Some kind of commotion from the rooms below woke him on the daybed, drool-chinned and discombobulated, more than a little hungover. It sounded like someone moving around down there, and after Dickie swallowed a few uppers and checked to make sure Jack was still breathing, he pulled on some clothes and went down to the street.

The door of the used bookstore was open, the lights were on. Dickie was so used to seeing the place dark and shut tight that it seemed almost like a dream. The place was crammed floor to ceiling with shelves of hardbacks and paperbacks, old movie magazines, a locked glass display case with what appeared to be leather-bound rare editions. A graybeard crouched in the back of the store, digging through boxes. He lifted his head when Dickie stepped inside, nodded, went back to his archaeology.

Dickie perused. Something to read wouldn’t be such a bad idea. He’d pretty much exhausted Jack’s cache of old newspapers, felt as if he’d finally caught up on his lost years, or at least those years’
Hi and Lois
strips
and Ann Landers columns. He wasn’t quite sure that his attention span could currently accommodate one of those copies of
Ulysses
or
Moby-Dick,
but there was a wooden crate of comic books on the floor by the old encyclopedias, two for a dime. The price and level of intellectual commitment seemed about right.

He left with a pair from a few years back, two issues of
Detective Comics
with a pretty compelling backup feature about J’onn J’onzz, the Manhunter from Mars, a big green alien guy who was brought to earth by a mad scientist and then got stuck here when the mad scientist gave up the ghost from the shock of bringing a big green alien guy to earth.

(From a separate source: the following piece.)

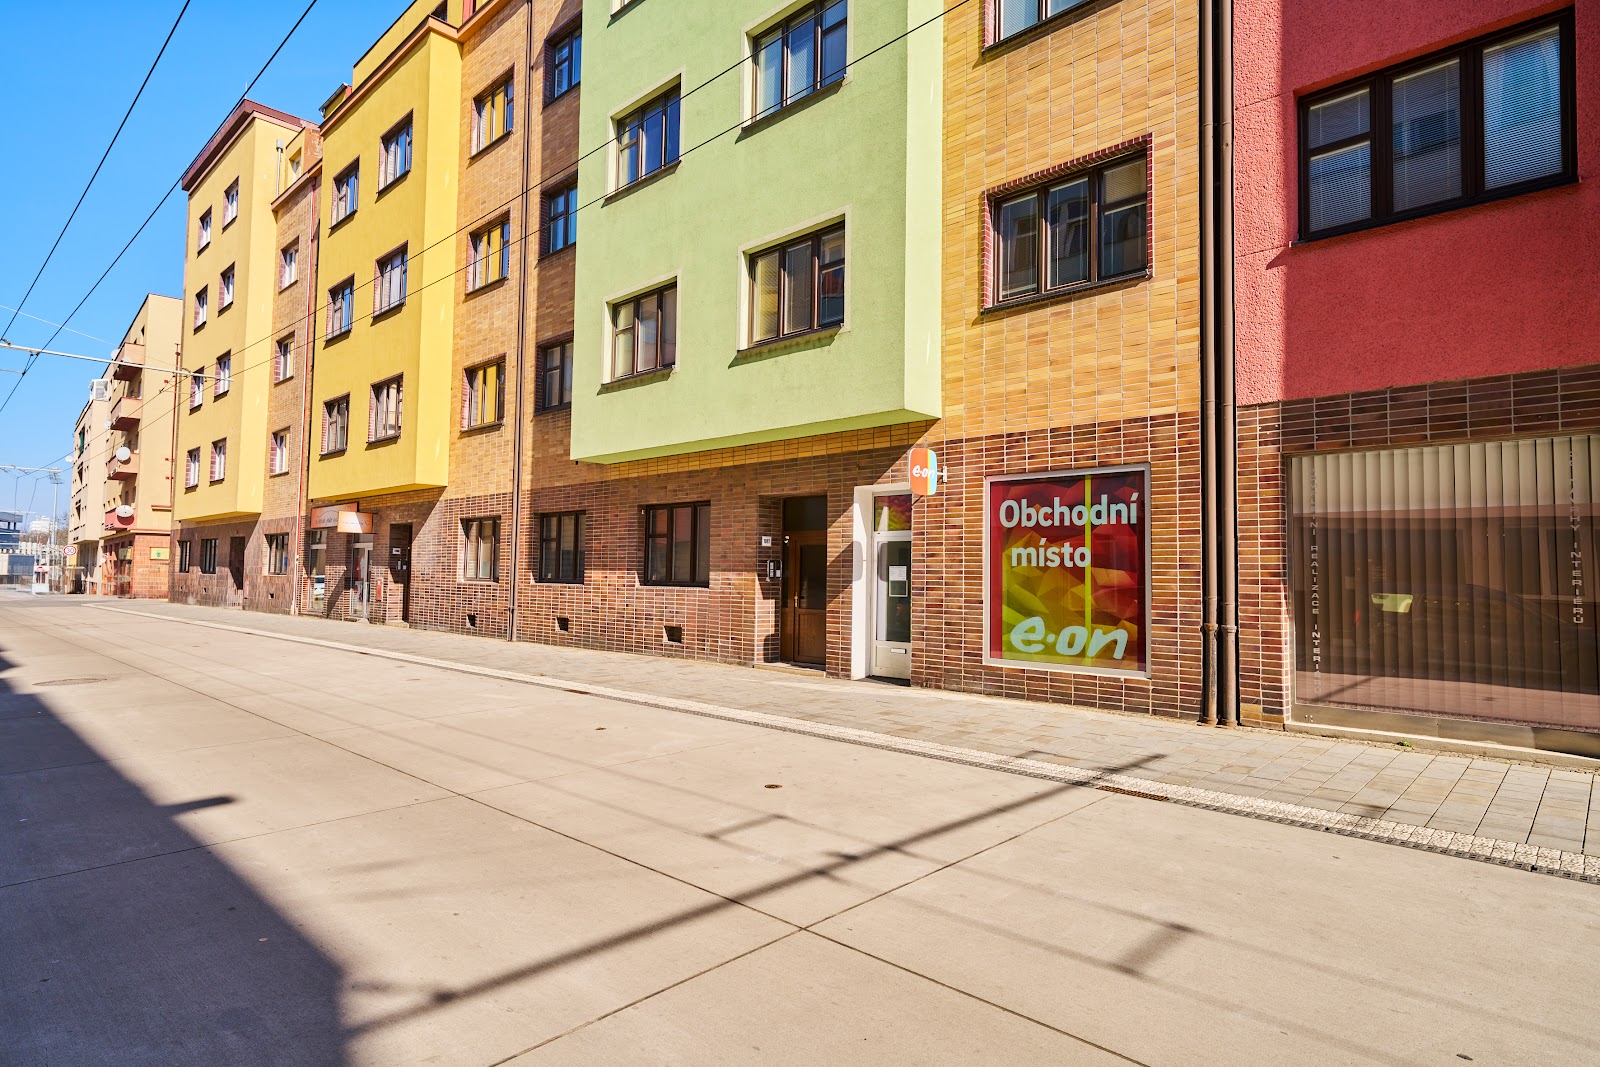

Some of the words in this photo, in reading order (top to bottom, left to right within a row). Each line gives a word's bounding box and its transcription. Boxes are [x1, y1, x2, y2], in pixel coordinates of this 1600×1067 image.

[999, 493, 1139, 528] Obchodní
[1011, 538, 1091, 568] místo
[1311, 545, 1320, 614] REALIZACE

Dickie spent the next couple of nights with the comics, reading via flashlight or the streetlights out the living room window after Jack was down for the count. There was a compelling sadness that loomed over the proceedings, J’onn stranded on Earth, trying not to be found out, using his shape-shifting powers to impersonate human beings. J’onn haunted by memories of the planet he’d left behind, shifting back and forth between his human personas and his Martian look, unsure which was the right one even when nobody else was around. Dickie could identify.

He wanted to see how things turned out for J’onn, but every time he checked, the bookstore was closed again. He had to content himself with the comics he had, rereading until the covers came loose from their staples, until his thumbs were ink black, wearing holes in the colored newsprint.

*   *   *

He was down at the river once a week now, more often if he’d had a particularly tough stretch of days. Sometimes he’d take a hit from a passed bottle or a joint before leaving, but he didn’t say much, just sat and listened to whatever conversation he’d wandered into. Content just to be away from the apartment while Jack slept, out in the late-afternoon light with the vets, watching the water and the railroad bridge, the middle school kids walking the trestles high above on their way home, arms straight out at their sides, waving for balance.

*   *   *

If pressed, Dickie could come up with some pretty good stories about his time in Vietnam. It had come up occasionally with the student groups during MAELSTROM. Someone would ask, and Dickie would make a show of his reluctance to dredge up painful memories. Of course, this only created more interest, so when he knew he had their attention, he’d hold forth at great length—dramatic, detailed accounts of the mud and blood and horror, the living nightmare of war. His stories were the glue that sealed many a deal during those days, both proving these kids’ larger points about the war and giving Dickie a well-earned legitimacy in their eyes. Someone who’d been there, who’d seen it firsthand, and had made the choice to resist.